Endometriosis Excision Surgeon

Dr. Olga Muldoon

Denver, Colorado


A minimally invasive GYN surgeon who has built her practice around endometriosis since 2021

Dr. Muldoon completed a fellowship in minimally invasive gynecologic surgery at Vanderbilt Medical Center, a program that trains fellows across a full spectrum of laparoscopic and hysteroscopic procedures including infertility, urogynecology, gynecologic oncology, and general gynecology. It is not an endo-dedicated program. Since completing that fellowship in 2021, she has oriented her practice at AdventHealth Porter toward endometriosis and complex pelvic surgery and is listed on Nancy's Nook's Colorado surgeon list. She performs excision and confirms she does not use ablation.

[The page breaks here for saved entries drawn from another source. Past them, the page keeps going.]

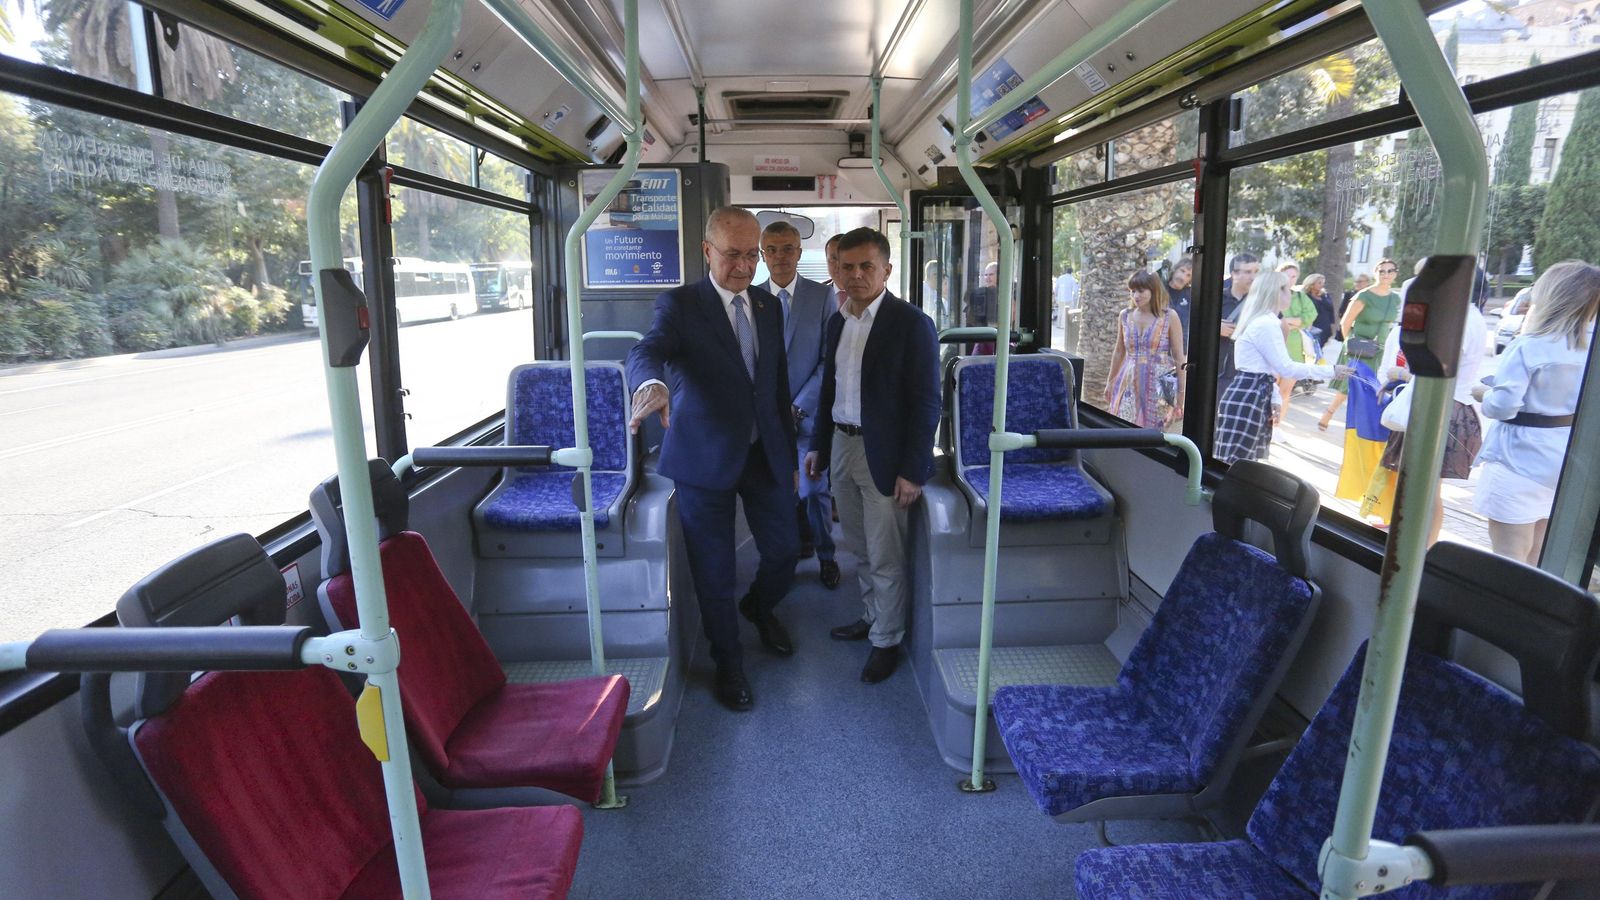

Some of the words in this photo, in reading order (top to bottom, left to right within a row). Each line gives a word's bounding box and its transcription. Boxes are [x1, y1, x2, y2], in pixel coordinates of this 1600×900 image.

[641, 178, 671, 190] EMT
[632, 194, 677, 204] Transporte
[642, 203, 677, 213] Calidad
[632, 214, 649, 222] para
[650, 213, 677, 222] Málaga
[614, 235, 644, 244] Futuro
[605, 251, 662, 260] movimiento
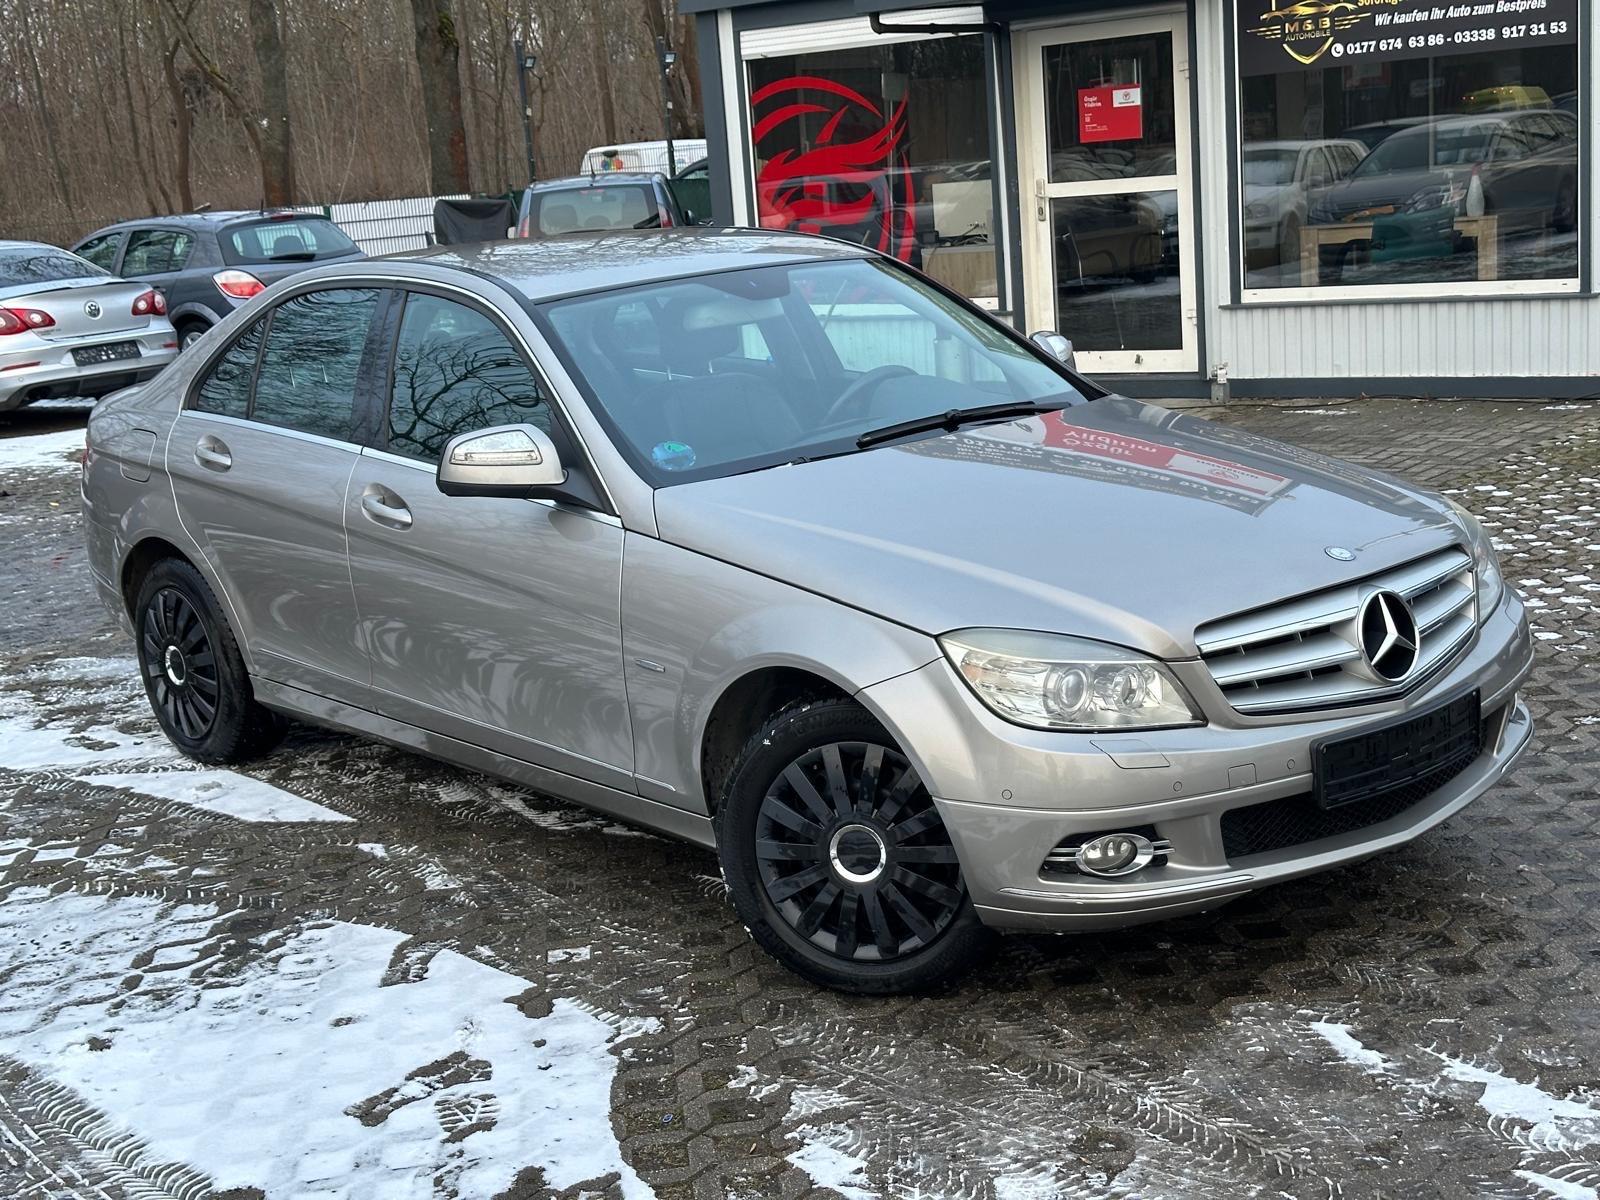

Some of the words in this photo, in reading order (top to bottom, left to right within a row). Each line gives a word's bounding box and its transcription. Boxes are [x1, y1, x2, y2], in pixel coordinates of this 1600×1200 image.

[1375, 12, 1392, 26] Wir
[1393, 9, 1429, 24] kaufen
[1446, 4, 1471, 19] Auto
[1472, 4, 1495, 16] zum
[1495, 0, 1547, 13] Bestpreis
[1284, 29, 1331, 41] AUTOMOBILE
[1285, 21, 1299, 34] M
[1318, 17, 1331, 29] B
[1346, 41, 1376, 55] 0177
[1378, 39, 1403, 51] 674
[1408, 35, 1425, 48] 63
[1427, 33, 1444, 46] 86
[1454, 28, 1496, 43] 03338
[1501, 25, 1526, 39] 917
[1529, 22, 1547, 36] 31
[1549, 21, 1568, 34] 53
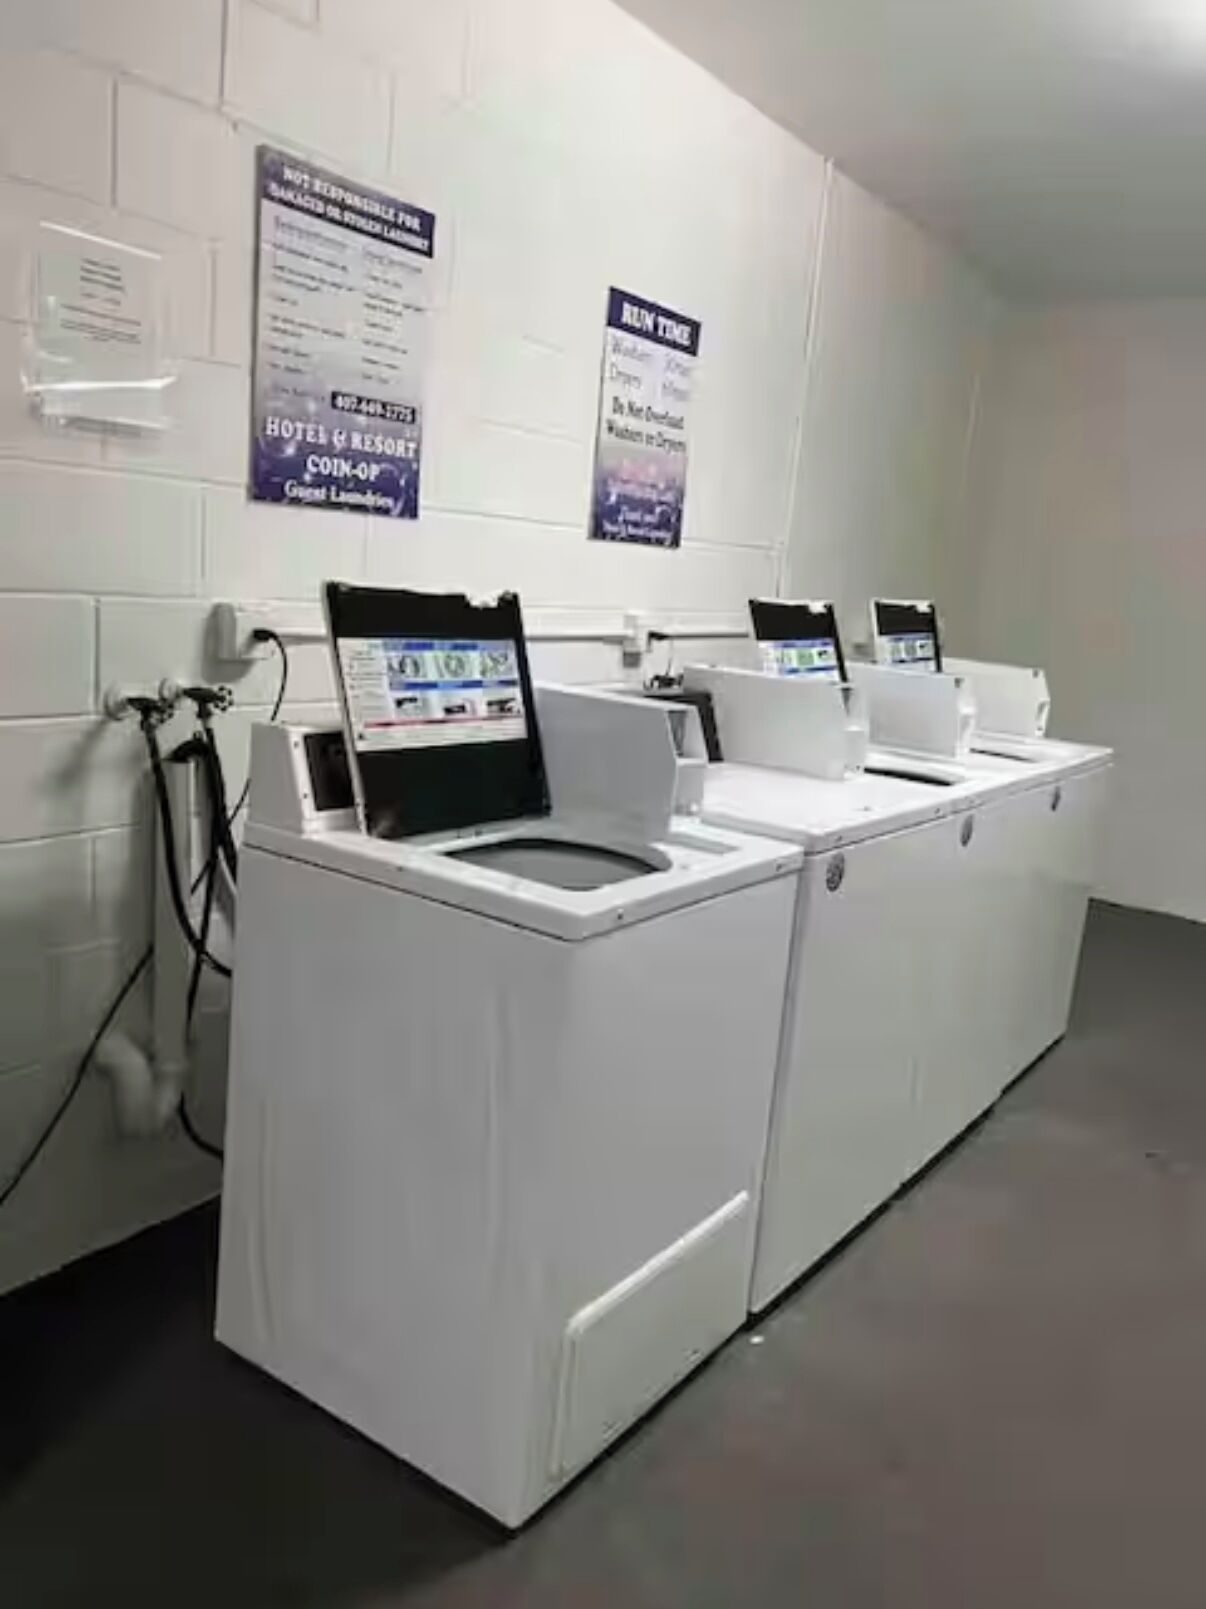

What comes through most clearly in patient accounts is her approach to the appointment itself. Patients describe her reading charts in advance, opening visits by telling patients they do not need to convince her of anything, and taking time that does not feel rushed. For patients who have spent years being dismissed, that experience carries real weight. She also runs her own social media accounts focused on patient validation and women's health.

Patients with suspected or earlier-stage disease who prioritize being heard and want an accessible, in-network option may find her a good fit. Patients with known severe or complex endometriosis should factor in her training background and the years she has been doing this work before deciding if she is the right surgeon for their case.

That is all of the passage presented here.